YOUR INSTRUCTIONS » Reproduce verbatim all of the data given below, but do not carry over the images.

SOURCE MATERIAL »
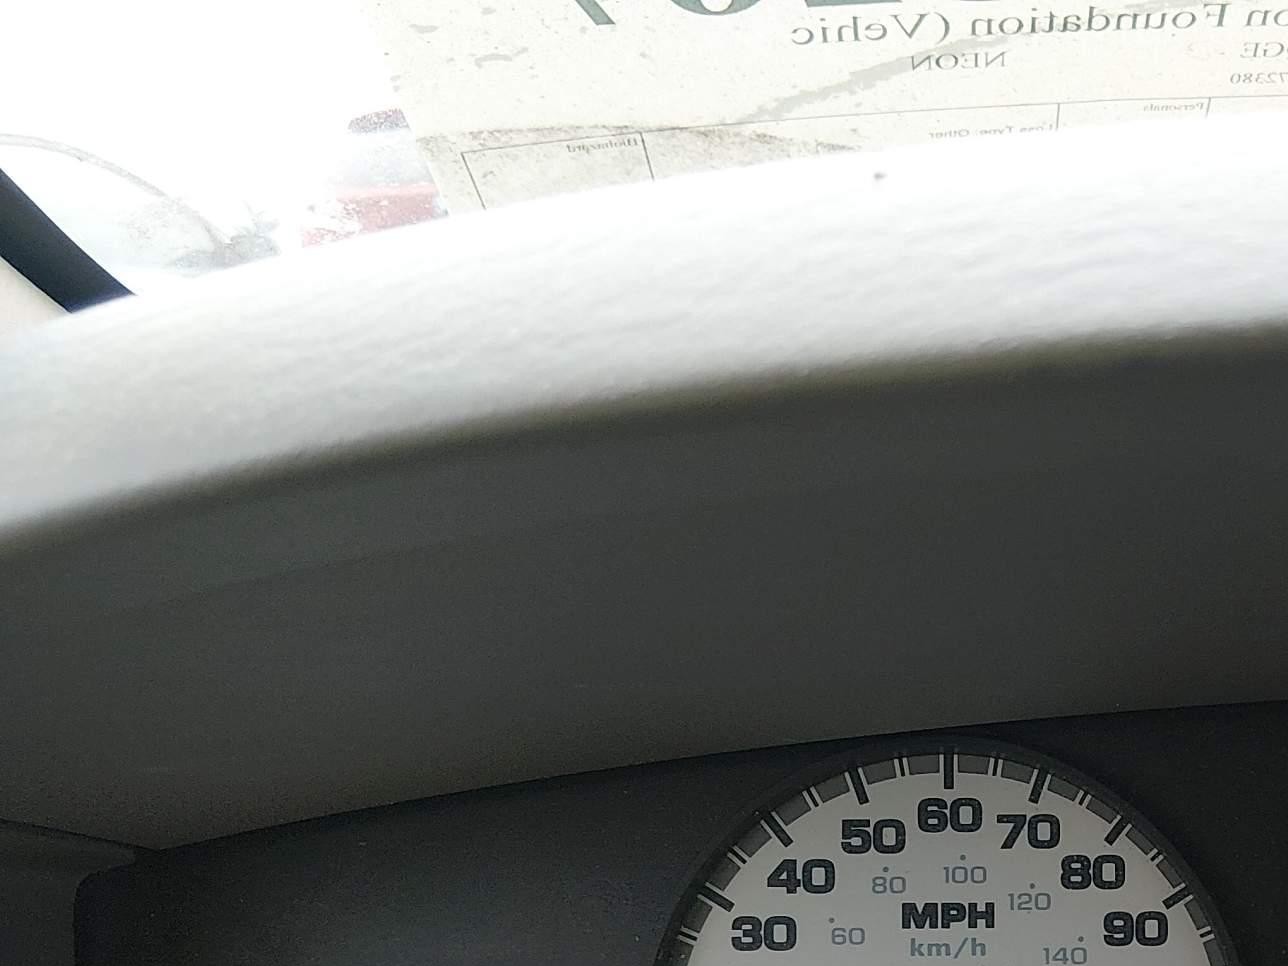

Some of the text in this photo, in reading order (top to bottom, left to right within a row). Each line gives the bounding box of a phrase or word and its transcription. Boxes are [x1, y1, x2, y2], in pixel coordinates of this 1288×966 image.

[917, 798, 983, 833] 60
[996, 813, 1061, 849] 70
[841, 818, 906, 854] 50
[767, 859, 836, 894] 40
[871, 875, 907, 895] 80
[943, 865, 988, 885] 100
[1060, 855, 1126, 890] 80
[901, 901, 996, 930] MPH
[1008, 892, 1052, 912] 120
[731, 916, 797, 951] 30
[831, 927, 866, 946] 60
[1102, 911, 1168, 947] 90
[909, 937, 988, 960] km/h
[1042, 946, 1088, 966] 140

WRITTEN REPLY »
Some of the text in this photo, in reading order (top to bottom, left to right within a row). Each line gives the bounding box of a phrase or word and its transcription. Boxes are [x1, y1, x2, y2], in pixel coordinates of this 1288×966 image.

[917, 798, 983, 833] 60
[996, 813, 1061, 849] 70
[841, 818, 906, 854] 50
[767, 859, 836, 894] 40
[871, 875, 907, 895] 80
[943, 865, 988, 885] 100
[1060, 855, 1126, 890] 80
[901, 901, 996, 930] MPH
[1008, 892, 1052, 912] 120
[731, 916, 797, 951] 30
[831, 927, 866, 946] 60
[1102, 911, 1168, 947] 90
[909, 937, 988, 960] km/h
[1042, 946, 1088, 966] 140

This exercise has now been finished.